Start of DATA PROVIDED
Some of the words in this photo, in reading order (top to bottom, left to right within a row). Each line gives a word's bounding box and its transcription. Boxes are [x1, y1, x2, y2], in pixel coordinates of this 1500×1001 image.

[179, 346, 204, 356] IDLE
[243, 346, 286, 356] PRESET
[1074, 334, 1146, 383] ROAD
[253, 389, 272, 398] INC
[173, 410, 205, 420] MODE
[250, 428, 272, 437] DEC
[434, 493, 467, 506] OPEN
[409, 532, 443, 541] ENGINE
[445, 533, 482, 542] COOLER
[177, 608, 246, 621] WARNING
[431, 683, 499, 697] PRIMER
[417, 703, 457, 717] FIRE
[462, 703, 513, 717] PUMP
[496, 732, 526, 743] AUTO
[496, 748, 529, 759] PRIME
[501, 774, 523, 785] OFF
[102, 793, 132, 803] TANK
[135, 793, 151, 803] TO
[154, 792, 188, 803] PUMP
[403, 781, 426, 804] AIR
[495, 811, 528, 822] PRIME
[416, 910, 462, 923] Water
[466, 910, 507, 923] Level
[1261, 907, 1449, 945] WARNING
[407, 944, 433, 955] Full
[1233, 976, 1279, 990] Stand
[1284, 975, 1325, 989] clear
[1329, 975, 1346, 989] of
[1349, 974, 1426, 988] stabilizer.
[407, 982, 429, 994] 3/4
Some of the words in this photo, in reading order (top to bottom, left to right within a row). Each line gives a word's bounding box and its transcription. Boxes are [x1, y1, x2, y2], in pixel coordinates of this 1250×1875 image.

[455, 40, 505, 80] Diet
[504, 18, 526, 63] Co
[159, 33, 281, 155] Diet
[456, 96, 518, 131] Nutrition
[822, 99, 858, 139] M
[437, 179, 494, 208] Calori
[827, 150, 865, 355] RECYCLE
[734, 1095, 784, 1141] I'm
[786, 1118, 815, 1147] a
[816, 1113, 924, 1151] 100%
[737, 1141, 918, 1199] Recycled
End of DATA PROVIDED
EXERCISE: Only the lines from the one containing "this 1250×1875 image." through the final line above should be duplicated, exactly as they stand.

SOLUTION FOR THIS PROBLEM:
Some of the words in this photo, in reading order (top to bottom, left to right within a row). Each line gives a word's bounding box and its transcription. Boxes are [x1, y1, x2, y2], in pixel coordinates of this 1250×1875 image.

[455, 40, 505, 80] Diet
[504, 18, 526, 63] Co
[159, 33, 281, 155] Diet
[456, 96, 518, 131] Nutrition
[822, 99, 858, 139] M
[437, 179, 494, 208] Calori
[827, 150, 865, 355] RECYCLE
[734, 1095, 784, 1141] I'm
[786, 1118, 815, 1147] a
[816, 1113, 924, 1151] 100%
[737, 1141, 918, 1199] Recycled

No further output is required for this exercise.